**Assignment**
From the line containing "Some of the text" through the final line of the records, reproduce every line exactly.

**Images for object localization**
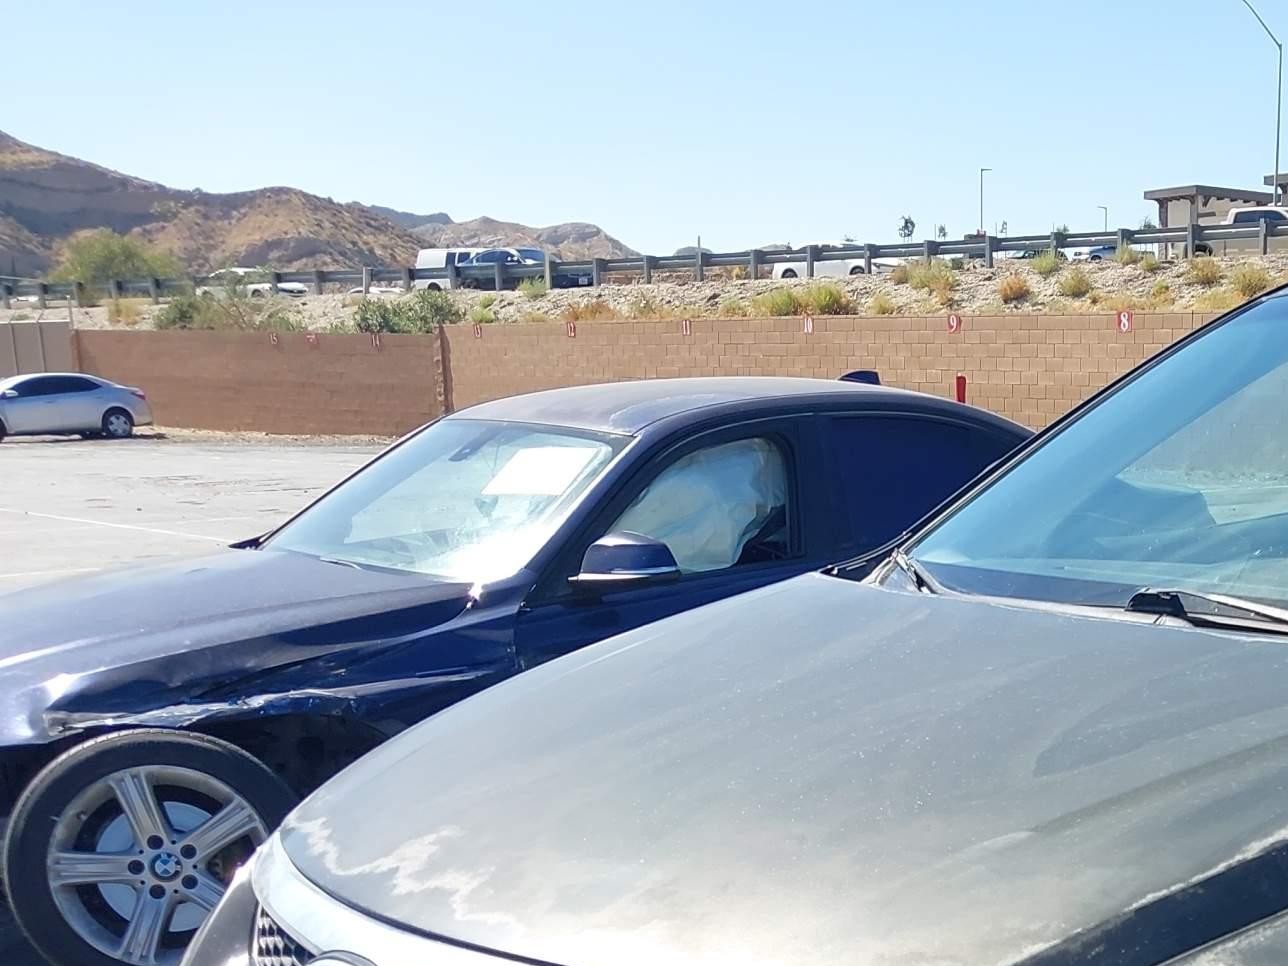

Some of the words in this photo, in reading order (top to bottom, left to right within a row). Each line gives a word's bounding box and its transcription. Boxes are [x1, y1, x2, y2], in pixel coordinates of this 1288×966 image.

[682, 319, 690, 336] 11
[803, 317, 813, 334] 10
[949, 314, 958, 333] 9
[1119, 311, 1129, 332] 8
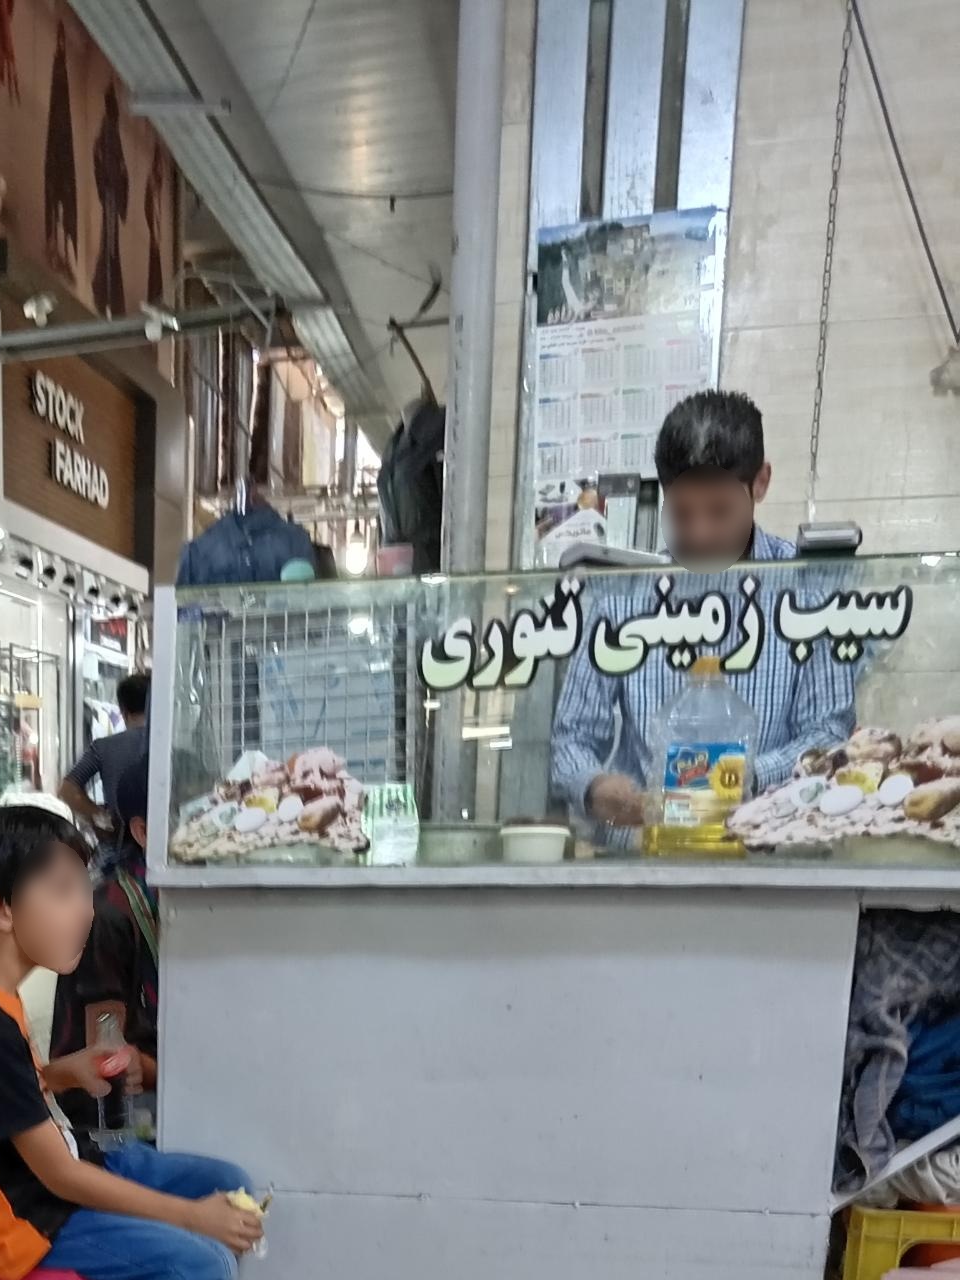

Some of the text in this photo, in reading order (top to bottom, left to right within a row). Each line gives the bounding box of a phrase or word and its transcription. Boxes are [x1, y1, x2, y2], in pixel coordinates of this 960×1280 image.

[32, 369, 85, 445] STOCK
[54, 438, 110, 510] FARHAD
[421, 574, 913, 689] سیب زمینی تنوری

**Exercise answer**
Some of the text in this photo, in reading order (top to bottom, left to right within a row). Each line gives the bounding box of a phrase or word and its transcription. Boxes are [x1, y1, x2, y2], in pixel coordinates of this 960×1280 image.

[32, 369, 85, 445] STOCK
[54, 438, 110, 510] FARHAD
[421, 574, 913, 689] سیب زمینی تنوری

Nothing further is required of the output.